In 1673 the enlightened ruler of the Palatinate, a brother of Descartes's Princess Elizabeth, offered Spinoza a professorship at Heidelberg, with full liberty to teach his philosophy. But the pantheistic recluse wisely refused it. Even at the present day such teaching as his would meet with little mercy at Berlin, Cambridge, or Edinburgh. As it was, we have reason to believe that even in free Holland only a premature death saved him from a prosecution for blasphemy, and his great work the Ethica could not with safety be published during his lifetime. It appeared anonymously among his posthumous works in November, 1677, without the name of the true place of publication on the title-page.

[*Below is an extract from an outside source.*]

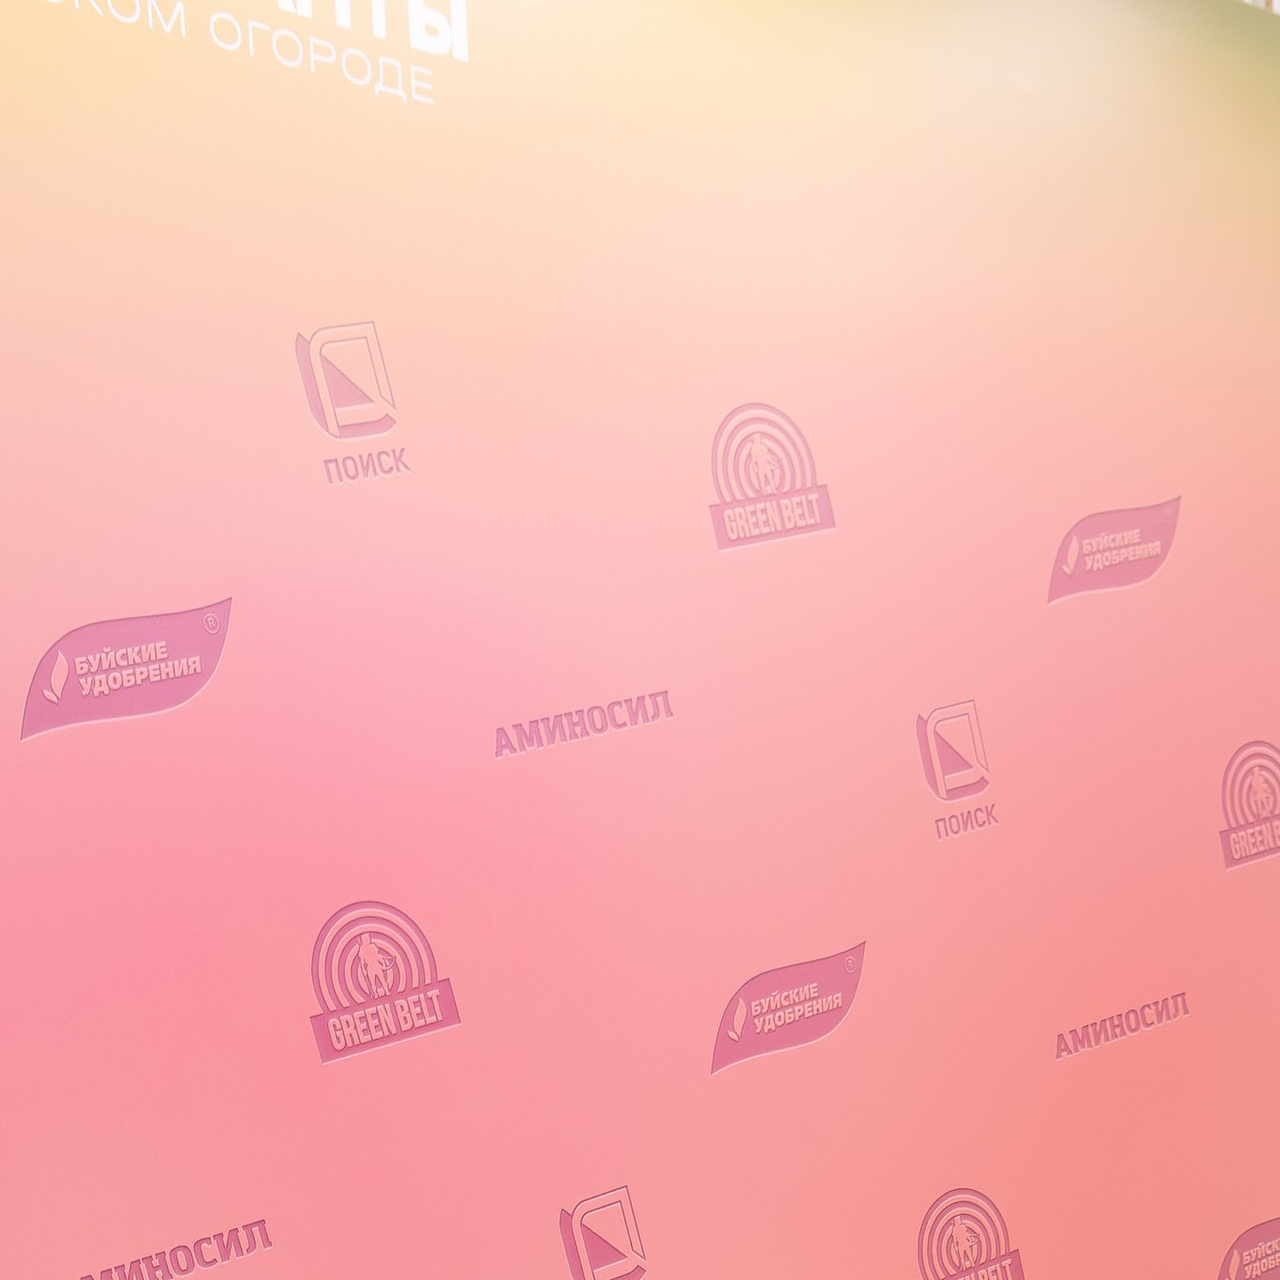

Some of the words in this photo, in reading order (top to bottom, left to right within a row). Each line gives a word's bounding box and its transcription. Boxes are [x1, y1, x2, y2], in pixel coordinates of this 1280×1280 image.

Spinoza was for his time no less daring as a Biblical critic than as a metaphysician. His celebrated Tractatus Theologico-Politicus has for its primary purpose to vindicate the freedom of scientific thought against ecclesiastical interference. And this he does by drawing a trenchant line of demarcation between the respective offices of religion and of philosophy. The business of the one is to form the character and to purify the heart, of the other to guide and inform the intellect. When religion undertakes to teach scientific truth the very ends for which it exists are defeated. When theological dogmatism gains control of the Churches the worst passions are developed under its influence. Instead of becoming lowly and charitable, men become disturbers of public order, grasping intriguers, bitter and censorious persecutors. The claims of theology to dictate our intellectual beliefs are not only mischievous, but totally invalid. They rest on the authority of the Bible as a revelation of God's will. But no such supernatural revelation ever was or could be given. Such violation of the order of nature as the miracles recorded in Scripture history would be impossible. And the narratives recording them are discredited by the criticism which shows that various books of the Old Testament were not written by the men whose names they bear, but long after their time. As a Hebrew scholar Spinoza discusses the Jewish Scriptures in some detail, showing in particular that the Pentateuch is of a later date than Moses. His limited knowledge of Greek is offered as a reason for not handling the New Testament with equal freedom; but some contradictions are indicated as disallowing the infallibility claimed for it. At the same time the perfection of Christ's character is fully acknowledged and accepted as a moral revelation of God.